Word for word, transcribe the lines from the one containing "this 1500×1125 image." through the end of the entries, both included, and nothing else.
[Start of section]
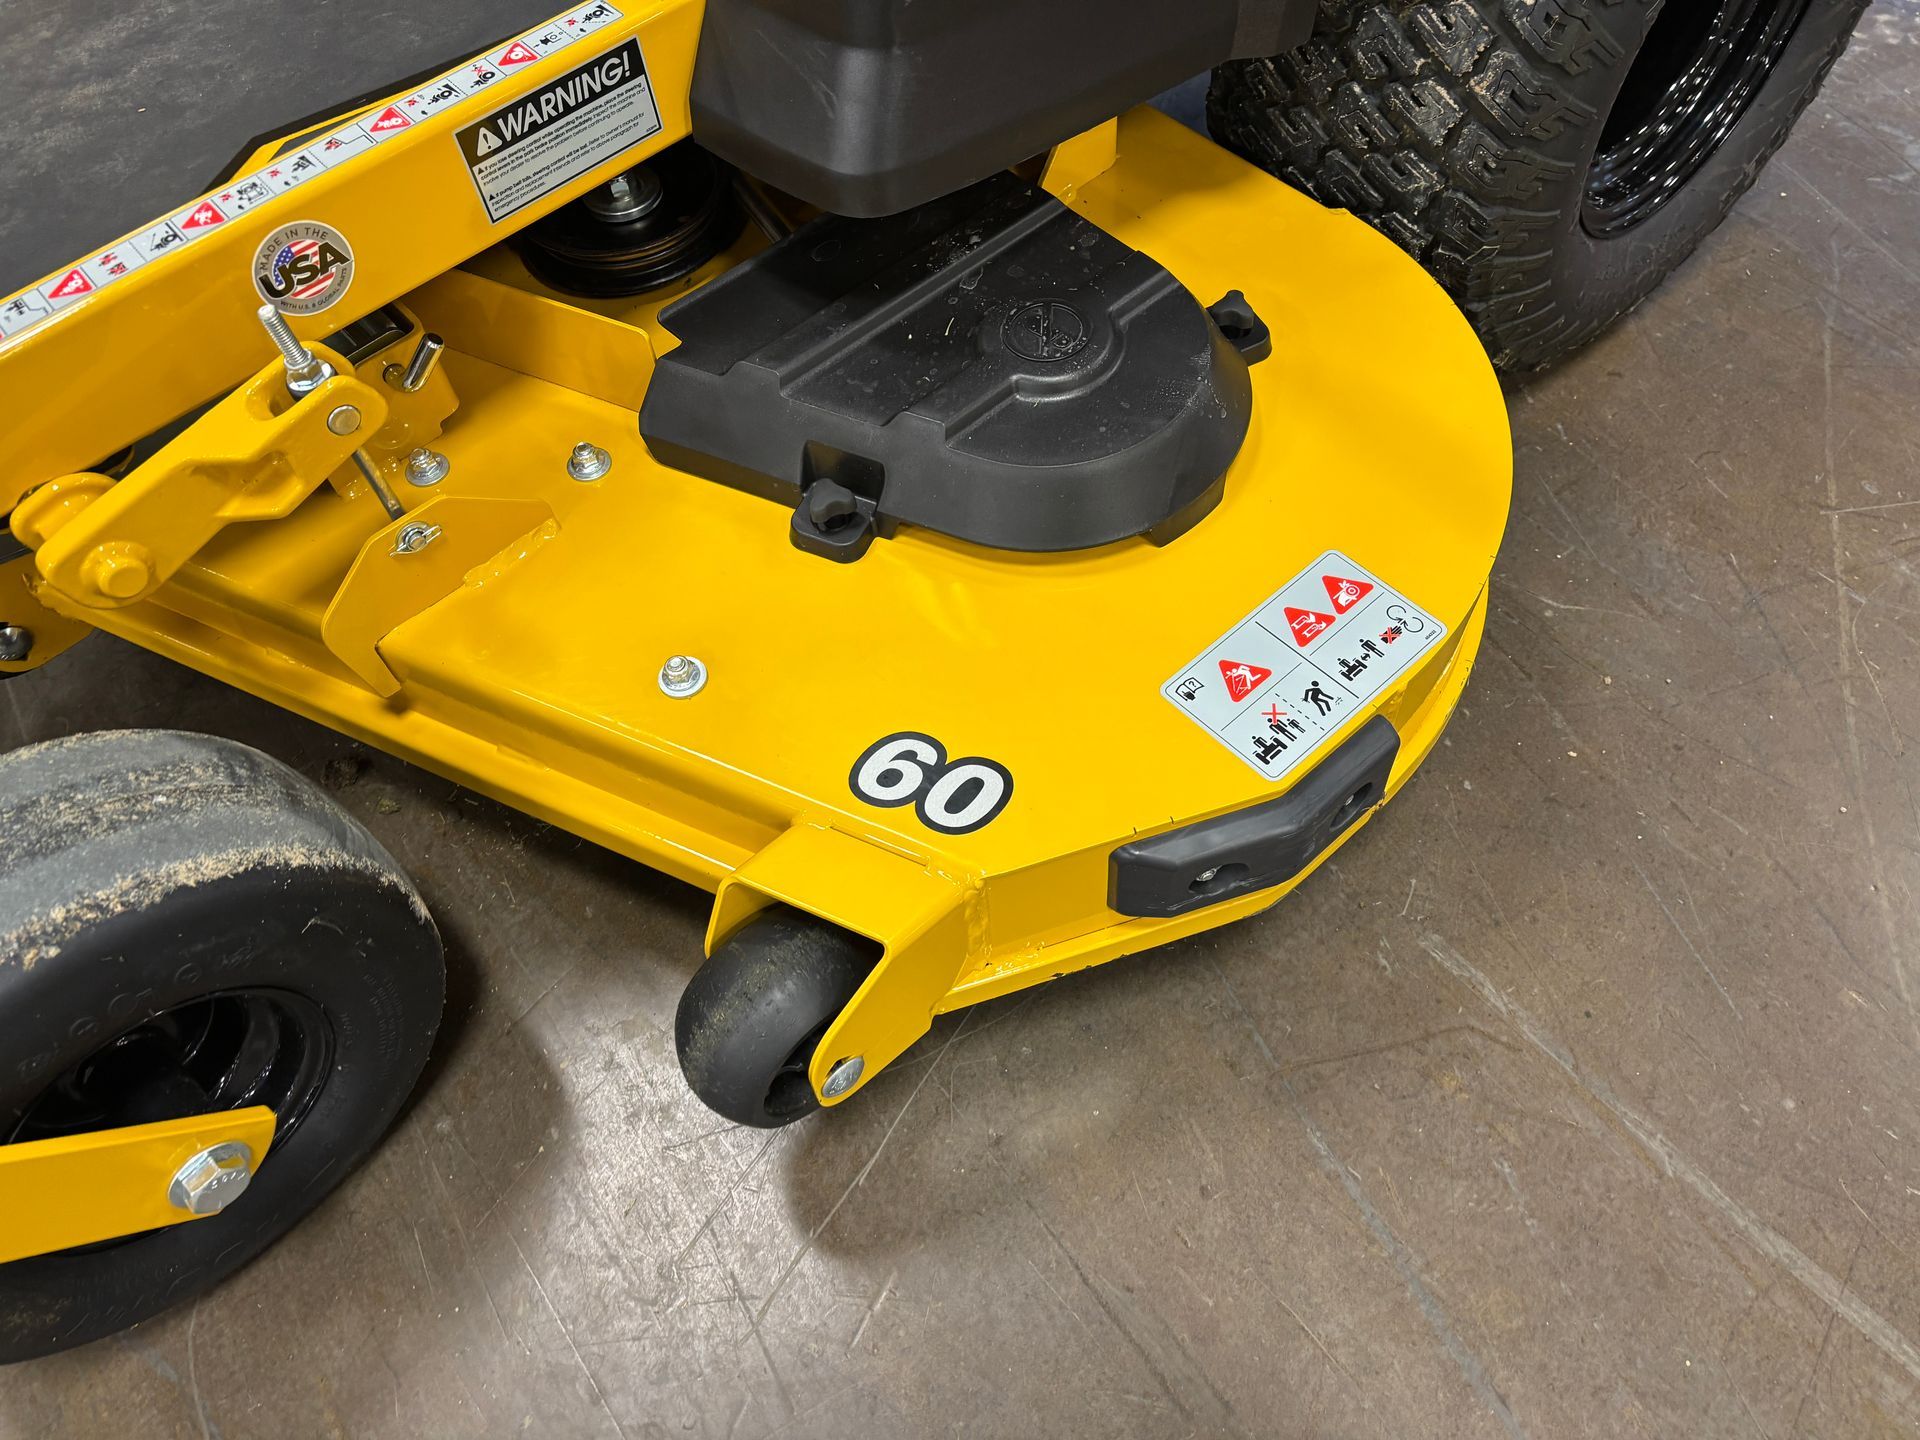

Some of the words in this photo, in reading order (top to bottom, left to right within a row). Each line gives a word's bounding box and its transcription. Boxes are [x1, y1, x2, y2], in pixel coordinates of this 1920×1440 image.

[496, 50, 630, 141] WARNING!
[258, 241, 351, 299] USA
[259, 236, 283, 271] MADE
[285, 228, 299, 240] IN
[304, 227, 329, 240] THE
[280, 301, 298, 310] WITH
[852, 734, 1010, 833] 60
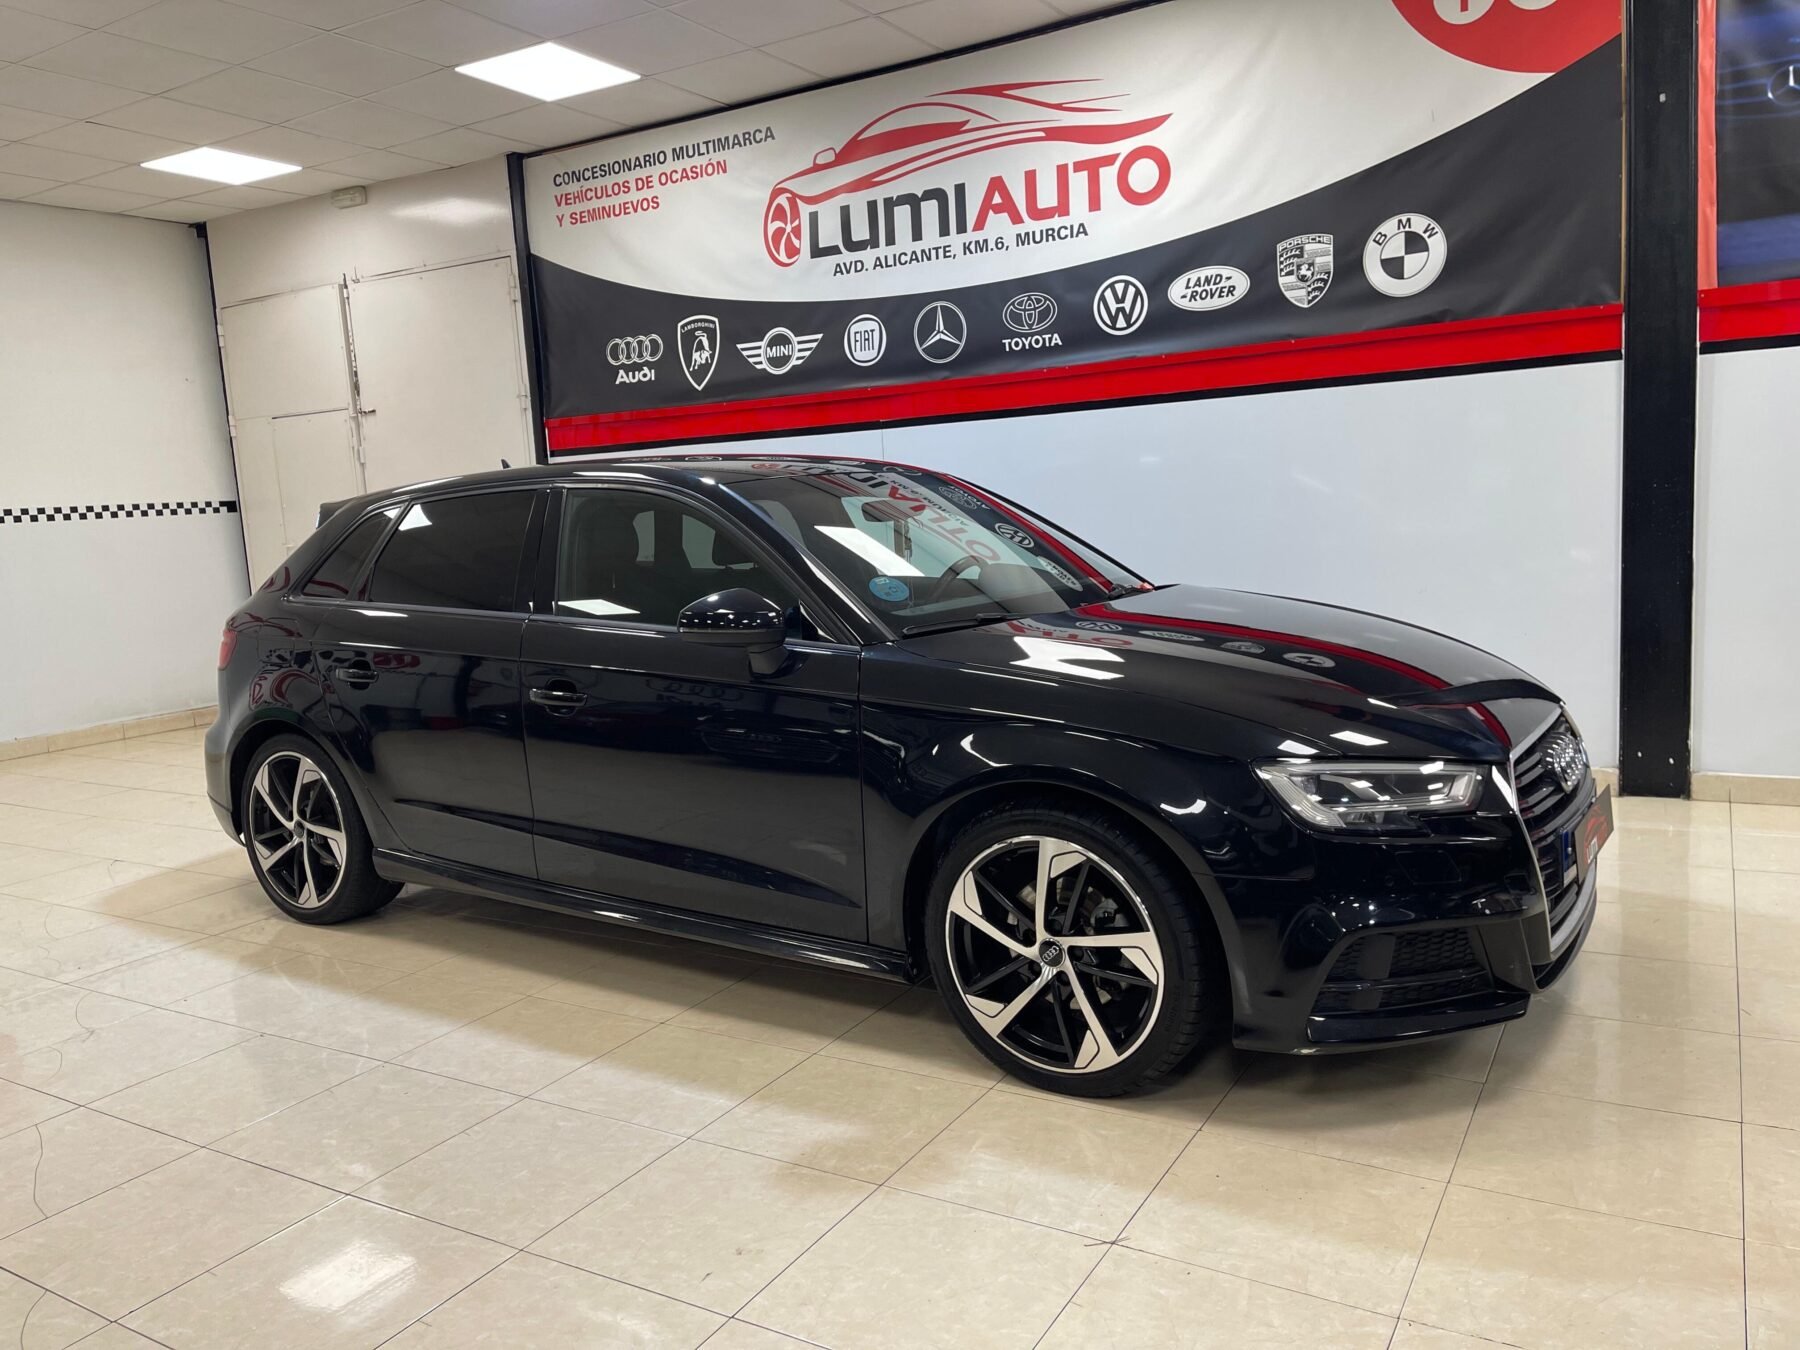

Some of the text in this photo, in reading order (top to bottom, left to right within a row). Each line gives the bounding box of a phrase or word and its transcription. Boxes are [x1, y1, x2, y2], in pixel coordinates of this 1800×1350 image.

[553, 126, 776, 187] CONCESIONARIO MULTIMARCA
[554, 158, 728, 207] VEHÍCULOS DE OCASIÓN
[556, 195, 660, 228] Y SEMINUEVOS
[833, 222, 1089, 277] AVD. ALICANTE, KM.6, MURCIA
[1278, 235, 1332, 252] PORSCHE
[766, 345, 793, 359] MINI
[853, 328, 876, 353] FIAT
[1002, 333, 1063, 352] TOYOTA
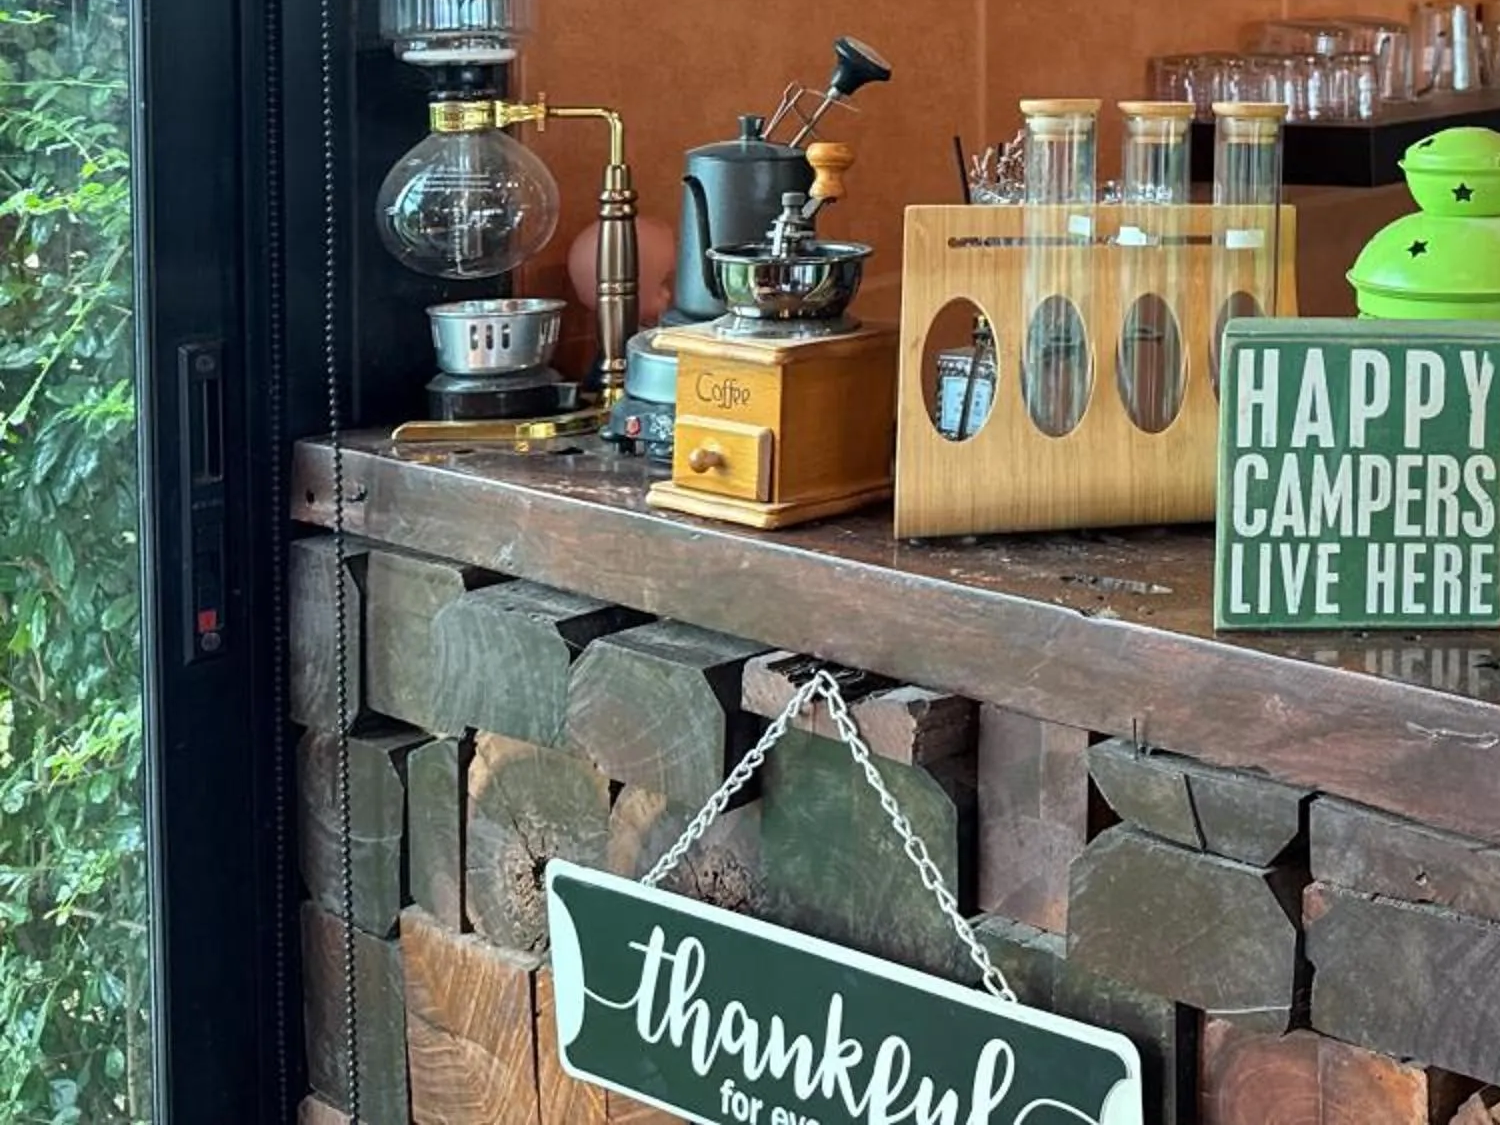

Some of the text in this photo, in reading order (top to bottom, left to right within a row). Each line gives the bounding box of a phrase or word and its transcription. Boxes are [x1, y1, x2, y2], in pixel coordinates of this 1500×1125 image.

[696, 373, 751, 409] Coffee
[1236, 348, 1495, 449] HAPPY
[1233, 453, 1497, 538] CAMPERS
[1230, 542, 1495, 615] LIVE HERE
[720, 1078, 764, 1125] for
[End of section]
Answer space -
Some of the text in this photo, in reading order (top to bottom, left to right within a row). Each line gives the bounding box of a phrase or word and its transcription. Boxes are [x1, y1, x2, y2], in pixel coordinates of this 1500×1125 image.

[696, 373, 751, 409] Coffee
[1236, 348, 1495, 449] HAPPY
[1233, 453, 1497, 538] CAMPERS
[1230, 542, 1495, 615] LIVE HERE
[720, 1078, 764, 1125] for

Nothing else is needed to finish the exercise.